Degree Order Is Less Common

In business writing, degree order is much less common than time or structural order. Classification happens constantly — but business points that are truly “classified as alike only by virtue of a shared characteristic” (with no underlying process or structure) are rarer than people think.

Identifying Improper Class Groupings

The key diagnostic technique for a supposed class grouping:

  1. Identify the type of point being made in each item
  2. Group together those of the same type
  3. Look for the order the set of groups implies

When you do this, what looked like a degree-ordered class grouping often reveals an underlying process (dictating time order) or structural division. Re-ordering accordingly gives a cleaner, more defensible grouping and a more insightful summary.

Investment evaluation example: 4 “misleading prescriptions” → when reworded as results and re-examined, 3 of the 4 form a decision-making process → time order → clearer summary point about resource allocation decisions.

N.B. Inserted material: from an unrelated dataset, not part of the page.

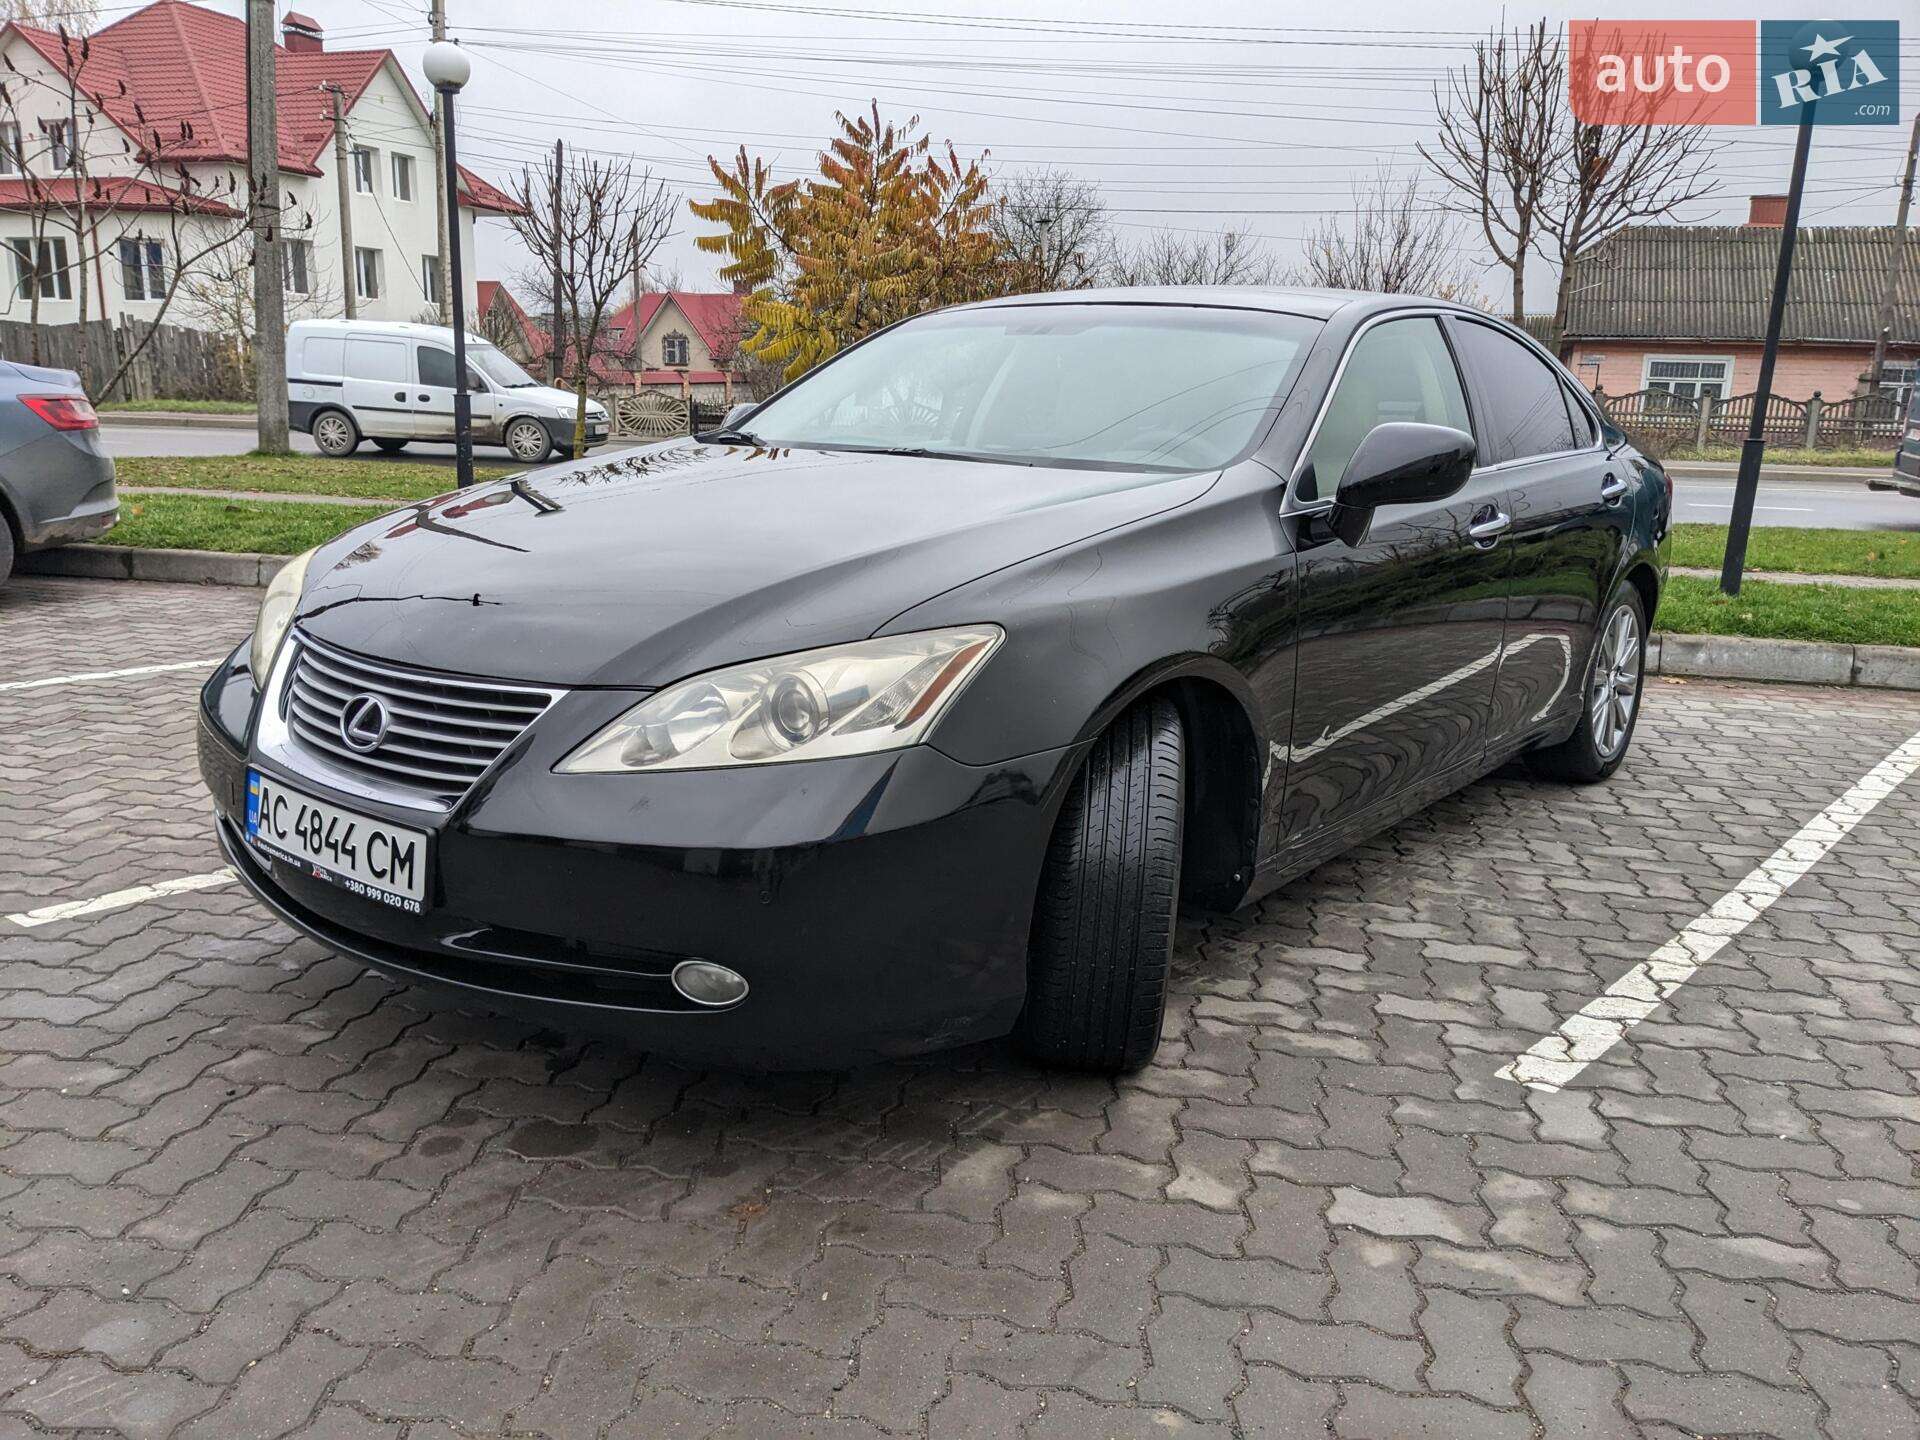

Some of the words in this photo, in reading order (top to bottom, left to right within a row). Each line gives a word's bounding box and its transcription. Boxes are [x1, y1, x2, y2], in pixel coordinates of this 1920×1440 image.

Sales/inventory system example (from Part 2 intro): 8 complaints about reports → sorted by type of problem → 3 categories (Bad timing, Poor data, Unhelpful format) → order depends on which process question you are answering:

  • “Why does the system produce a useless report?” → causes in production order
  • “Why do buyers hate it?” → user experience order
  • “How do we fix the problem?” → fix in reverse production order

New York decline example: 8 causes → sorted into 3 types (High Costs, Unsuitability of area, Alternative choices) → summary: “The causes of New York’s decline are easy to trace” with 3 clearly ranked points.

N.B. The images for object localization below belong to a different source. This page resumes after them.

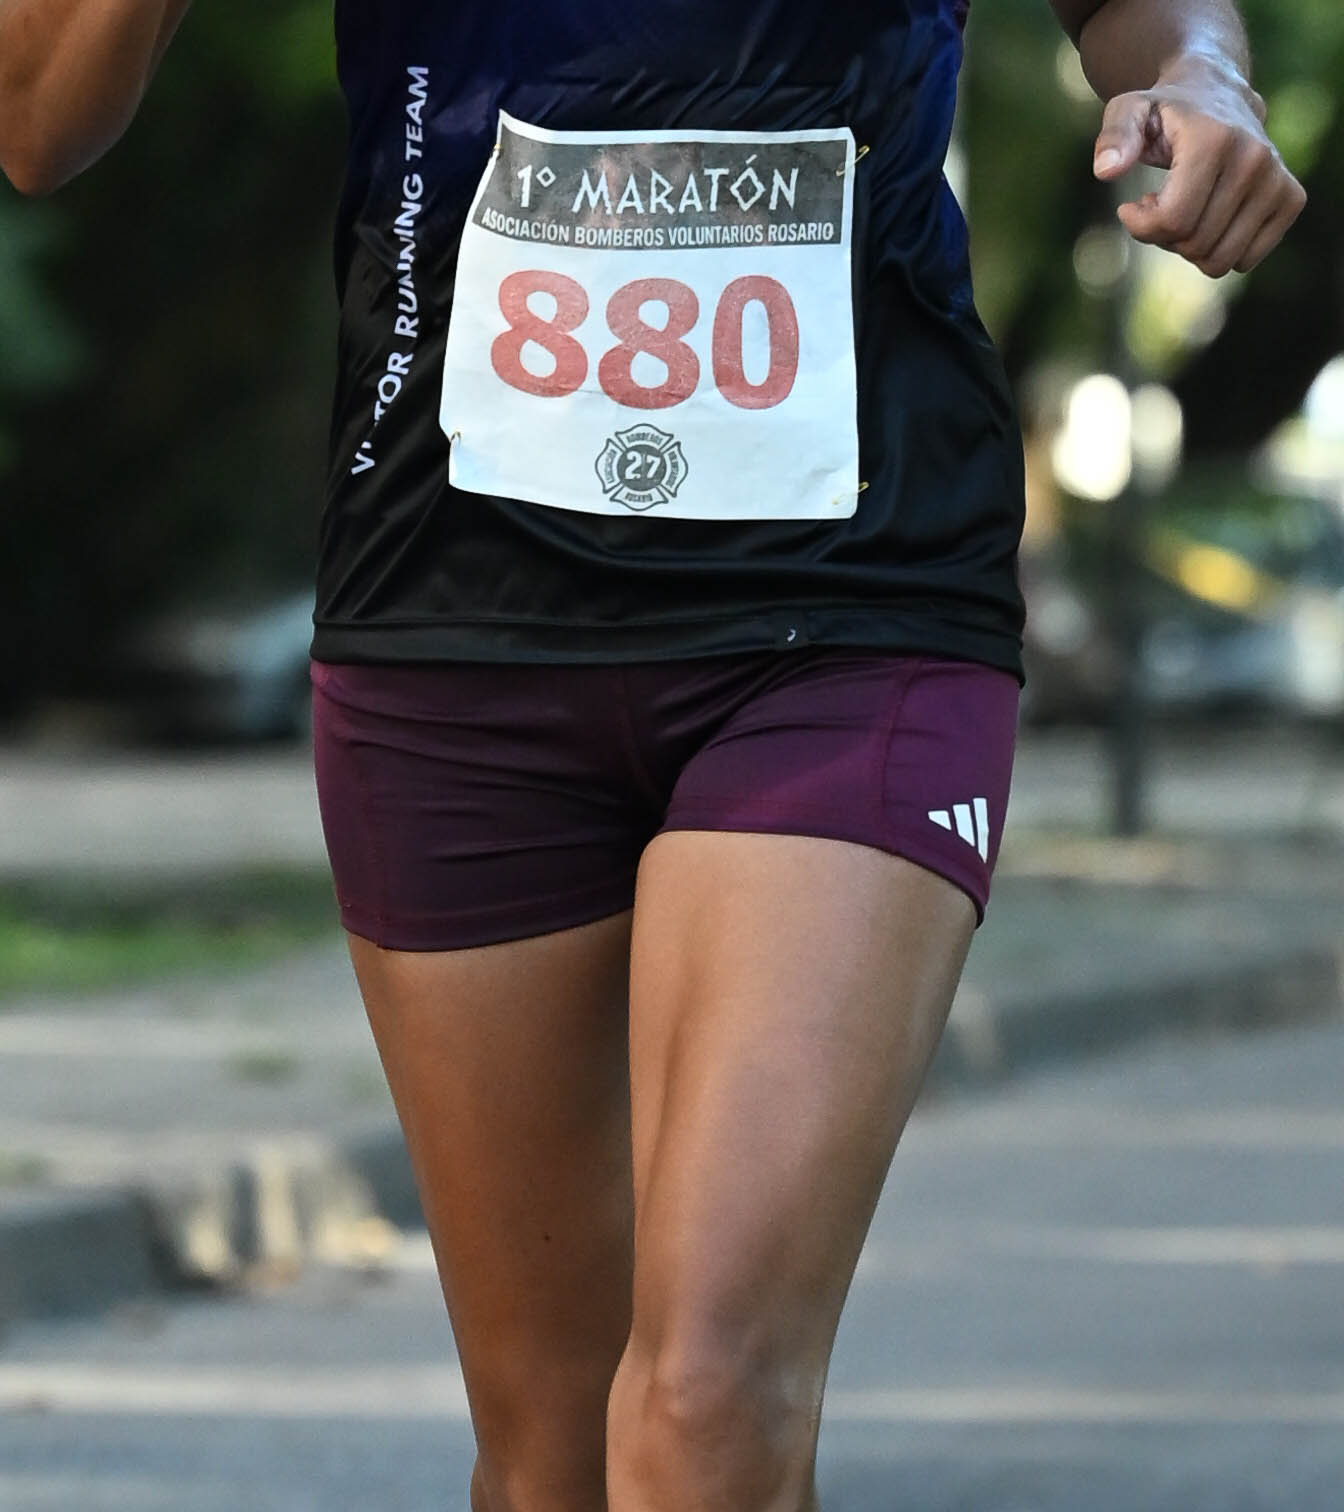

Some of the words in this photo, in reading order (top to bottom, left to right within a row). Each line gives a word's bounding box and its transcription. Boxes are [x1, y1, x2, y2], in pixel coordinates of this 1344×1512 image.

[404, 65, 430, 160] TEAM
[572, 154, 799, 216] MARATÓN
[482, 207, 569, 243] ASOCIACIÓN
[575, 226, 664, 246] BOMBEROS
[669, 223, 763, 245] VOLUNTARIOS
[768, 221, 835, 242] ROSARIO
[491, 269, 799, 411] 880
[625, 451, 661, 480] 27

Summary: How to Apply Logical Order

When reviewing any grouping of inductive ideas:

  1. Run your eye quickly down the list — do you find an order (time, structure, degree)?
  2. If not, identify the source of the grouping (process, structure, or class) and impose one
  3. If the list is long, see if similarities allow you to make subgroupings, and impose order on those
  4. Once the grouping is known to be valid and complete, you are ready to draw the logical inference (Chapter 7)

Key Takeaways

  1. The logical order of a grouping must reflect the analytical activity that created it — time, structural, or degree order. One of these three must always be present.
  2. If you cannot find a logical order in a grouping, the grouping is flawed — ideas are either mixed from different levels, missing, or falsely classified.
  3. Time order means listing steps in the sequence they must be performed; the summary is always the effect of carrying out those steps.
  4. The biggest error in time-ordered lists is mixing causes with effects — steps at different levels of abstraction are presented as if they are peers.
  5. Structural order reflects a visualized structure (org chart, diagram, map); the parts must be MECE.
  6. MECE — Mutually Exclusive, Collectively Exhaustive — is the essential test for any structural division. No overlaps; nothing left out.
  7. Degree order applies when items are classified as alike by a shared characteristic; rank from strongest to weakest (usually).
  8. Imposing a known structure (like an ROI tree) onto a chaotic list is a powerful technique for revealing the real message and spotting omissions.
  9. You cannot tell that nonsense is being written unless you first impose a structure on it — structure reveals flaws.
  10. The three-step process for degree groupings: identify the type of each point, group same types, look for the order the grouped types imply.